**Problem requirements**
Return the data below unaltered, but strip out the pictures.

**Recorded data**
┄┄┄┄┄┄┄┄┄┄

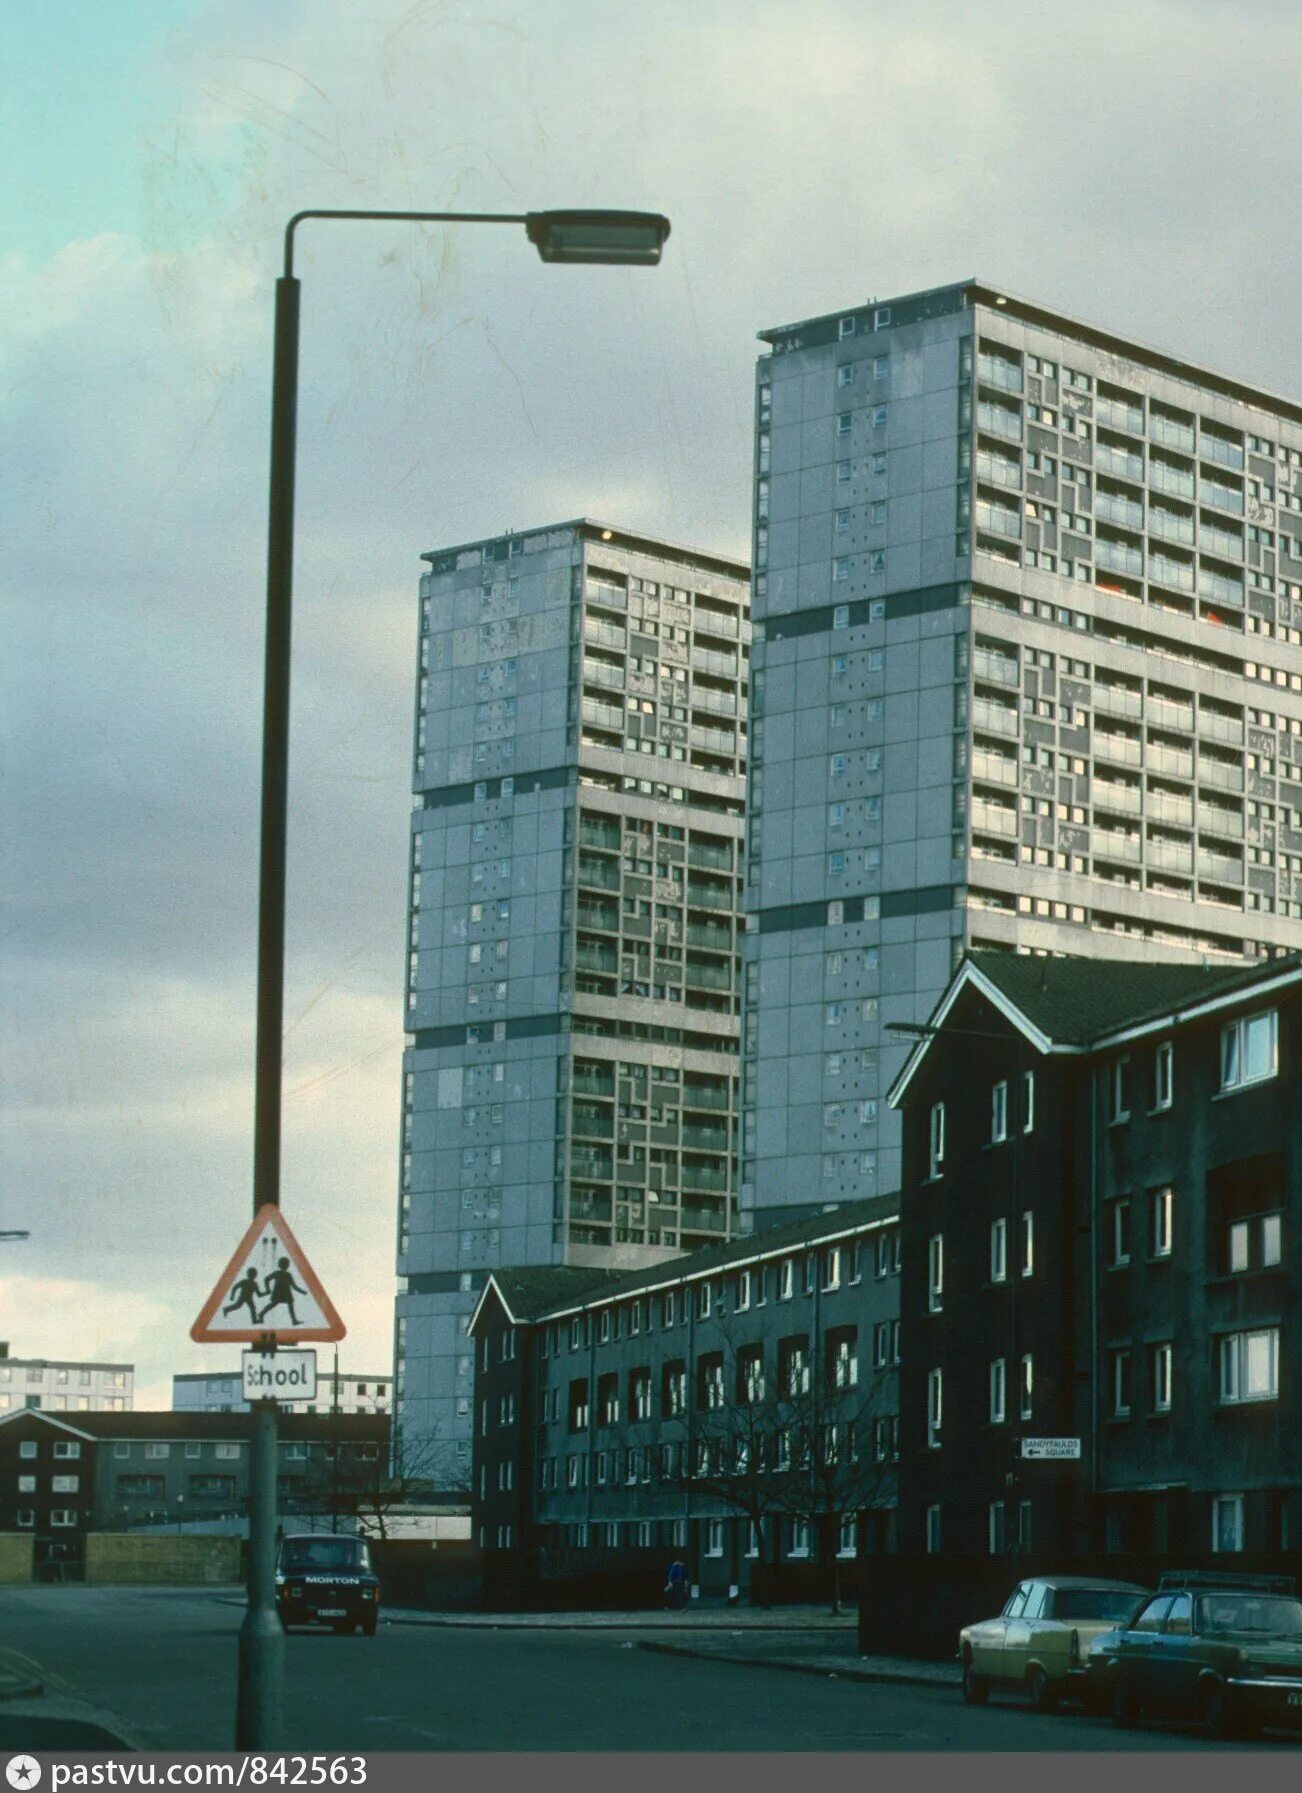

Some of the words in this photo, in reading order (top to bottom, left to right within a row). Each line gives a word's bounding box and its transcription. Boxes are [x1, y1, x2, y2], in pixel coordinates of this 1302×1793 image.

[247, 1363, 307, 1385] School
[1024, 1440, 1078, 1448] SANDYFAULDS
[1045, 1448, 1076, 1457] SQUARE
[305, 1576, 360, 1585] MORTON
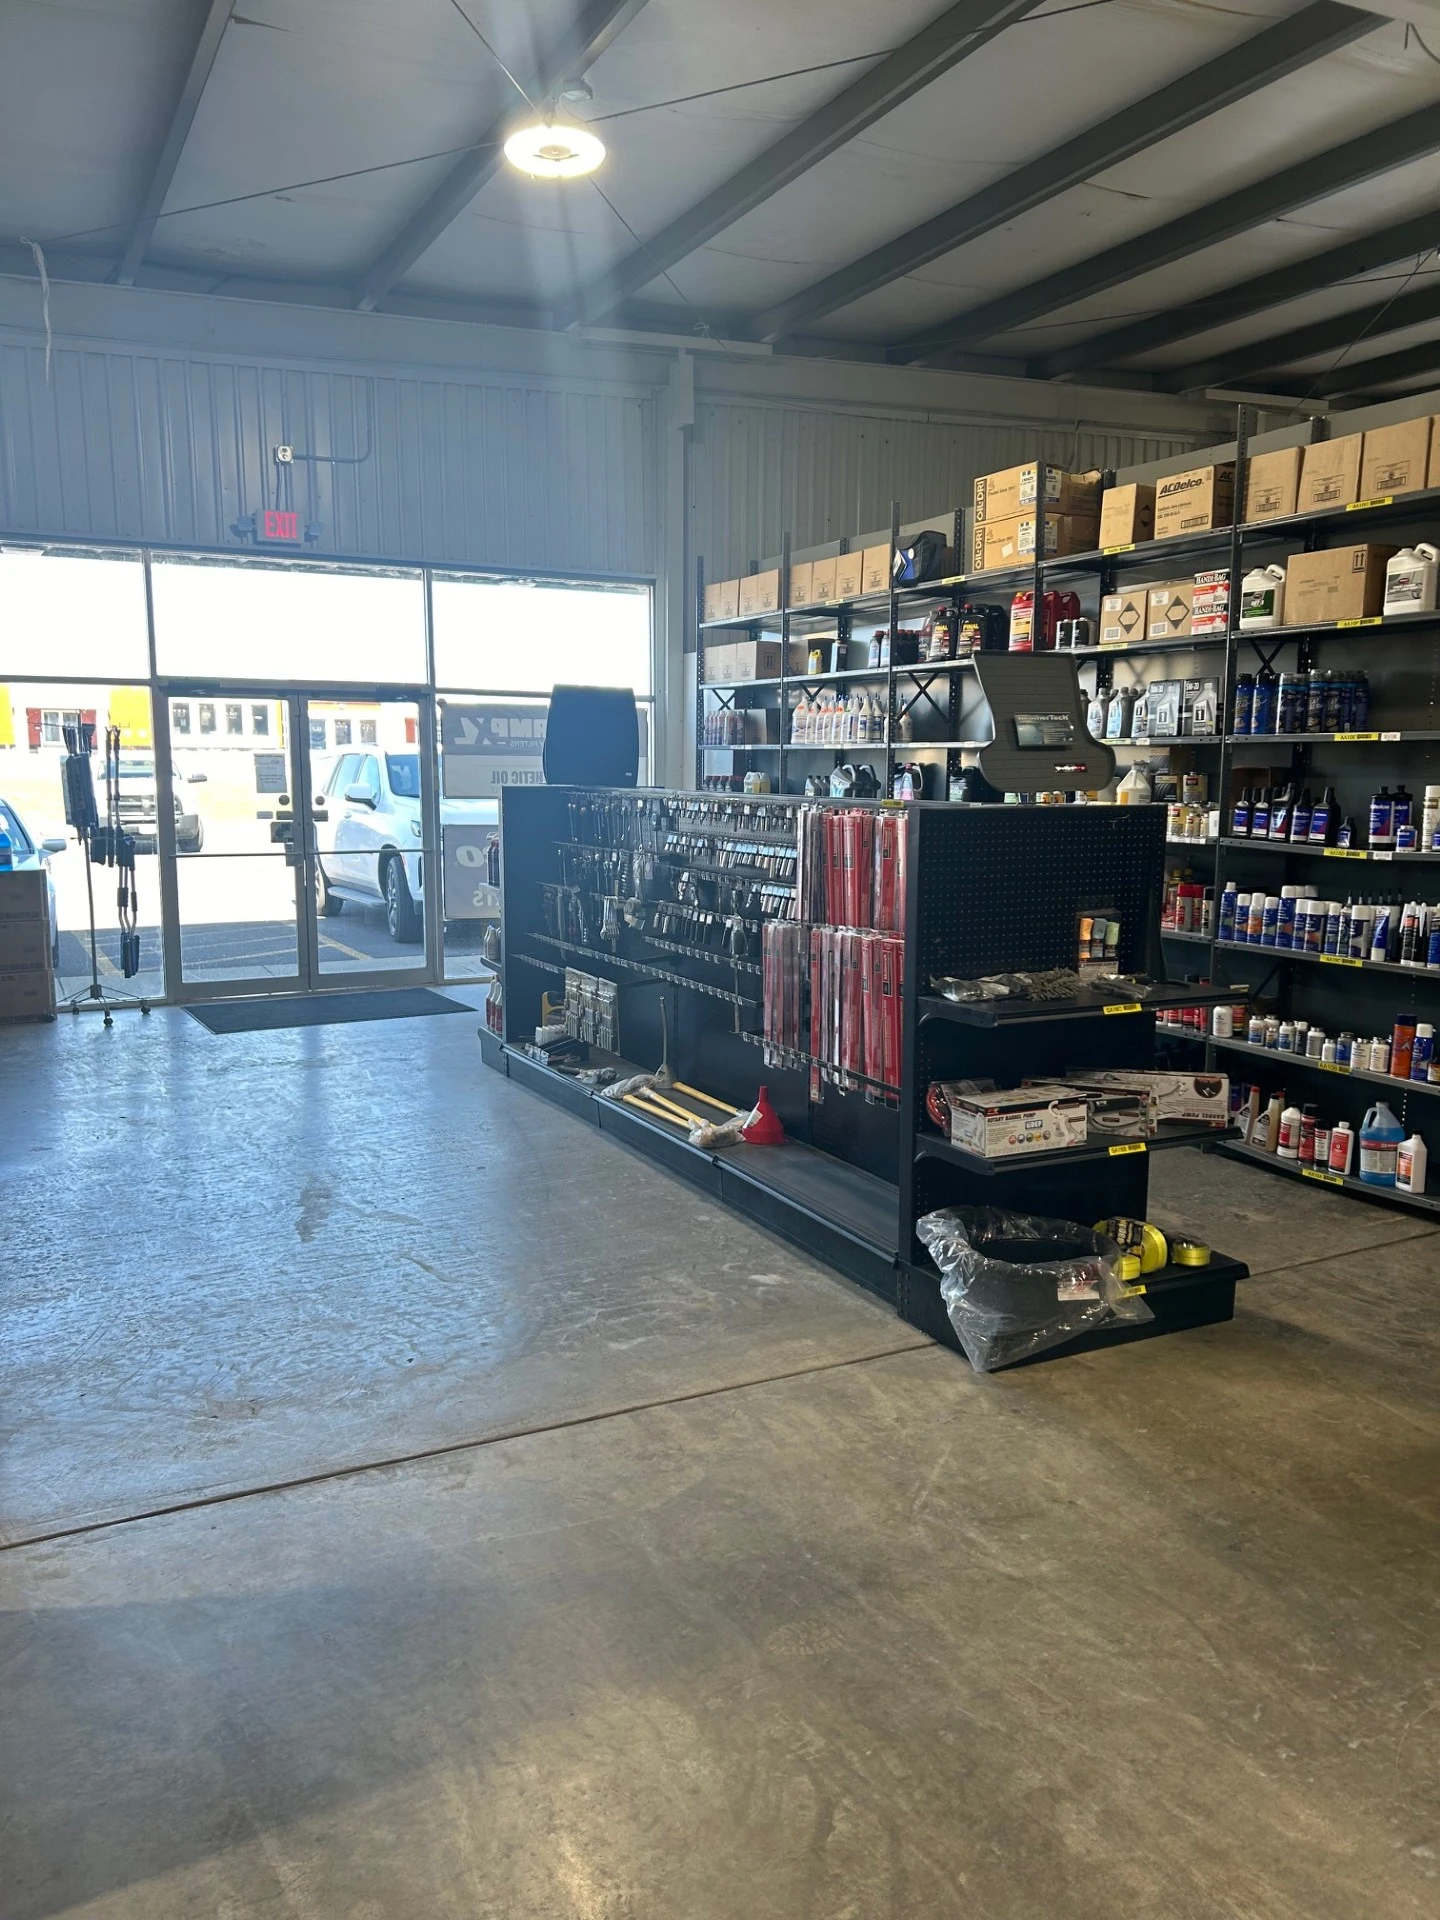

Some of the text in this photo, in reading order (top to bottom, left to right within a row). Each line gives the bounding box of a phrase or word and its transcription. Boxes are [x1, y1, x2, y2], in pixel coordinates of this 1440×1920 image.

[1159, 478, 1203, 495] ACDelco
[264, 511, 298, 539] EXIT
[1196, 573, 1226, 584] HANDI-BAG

┄┄┄┄┄┄┄┄┄┄

**Answer**
Some of the words in this photo, in reading order (top to bottom, left to right within a row). Each line gives a word's bounding box and its transcription. Boxes are [x1, y1, x2, y2], in pixel coordinates of this 1302×1793 image.

[247, 1363, 307, 1385] School
[1024, 1440, 1078, 1448] SANDYFAULDS
[1045, 1448, 1076, 1457] SQUARE
[305, 1576, 360, 1585] MORTON

Some of the text in this photo, in reading order (top to bottom, left to right within a row). Each line gives the bounding box of a phrase or word and its transcription. Boxes are [x1, y1, x2, y2], in pixel coordinates of this 1440×1920 image.

[1159, 478, 1203, 495] ACDelco
[264, 511, 298, 539] EXIT
[1196, 573, 1226, 584] HANDI-BAG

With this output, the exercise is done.